*Assigned task:* The output is a word-for-word repeat of the listing below, free of images.

____ Data for analysis

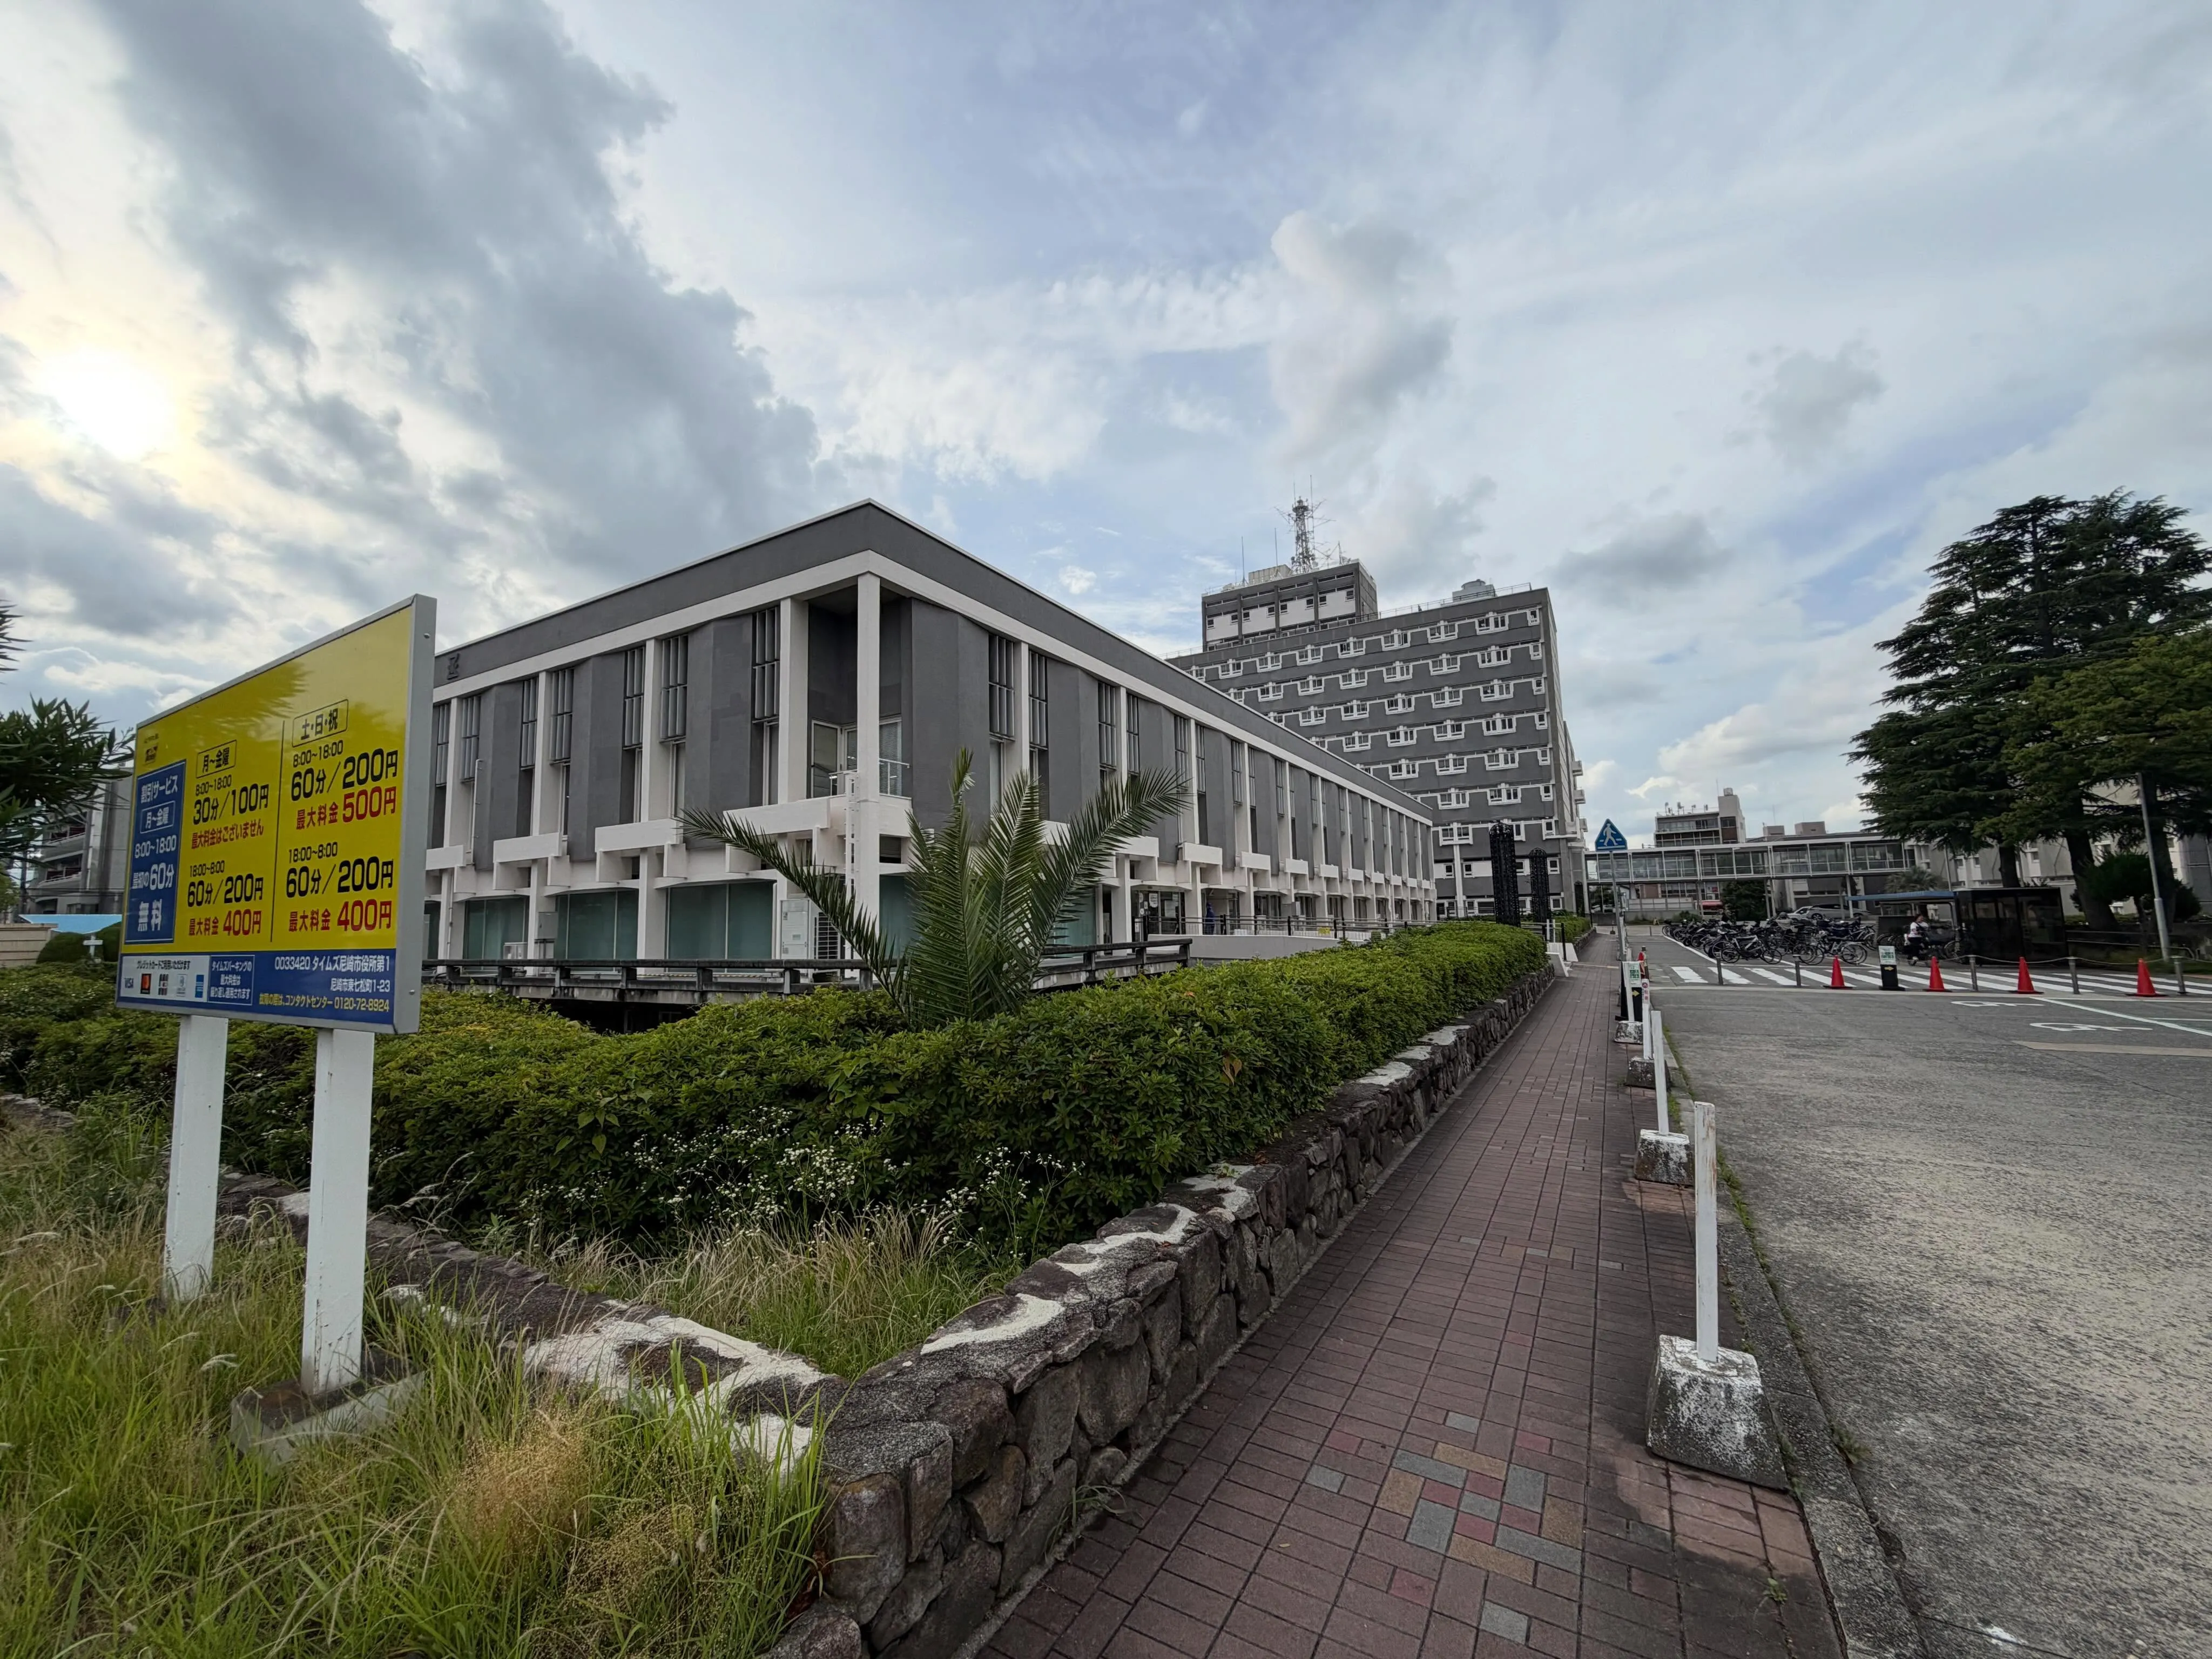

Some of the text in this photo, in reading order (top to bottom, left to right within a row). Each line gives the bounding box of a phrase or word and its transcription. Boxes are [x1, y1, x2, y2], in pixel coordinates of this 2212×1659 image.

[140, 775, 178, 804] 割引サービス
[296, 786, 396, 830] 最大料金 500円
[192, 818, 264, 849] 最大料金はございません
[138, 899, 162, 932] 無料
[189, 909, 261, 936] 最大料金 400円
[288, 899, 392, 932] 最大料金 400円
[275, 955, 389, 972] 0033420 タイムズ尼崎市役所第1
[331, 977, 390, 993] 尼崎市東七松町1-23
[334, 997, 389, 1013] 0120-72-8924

________

*Response area:*
Some of the text in this photo, in reading order (top to bottom, left to right within a row). Each line gives the bounding box of a phrase or word and its transcription. Boxes are [x1, y1, x2, y2], in pixel coordinates of this 2212×1659 image.

[140, 775, 178, 804] 割引サービス
[296, 786, 396, 830] 最大料金 500円
[192, 818, 264, 849] 最大料金はございません
[138, 899, 162, 932] 無料
[189, 909, 261, 936] 最大料金 400円
[288, 899, 392, 932] 最大料金 400円
[275, 955, 389, 972] 0033420 タイムズ尼崎市役所第1
[331, 977, 390, 993] 尼崎市東七松町1-23
[334, 997, 389, 1013] 0120-72-8924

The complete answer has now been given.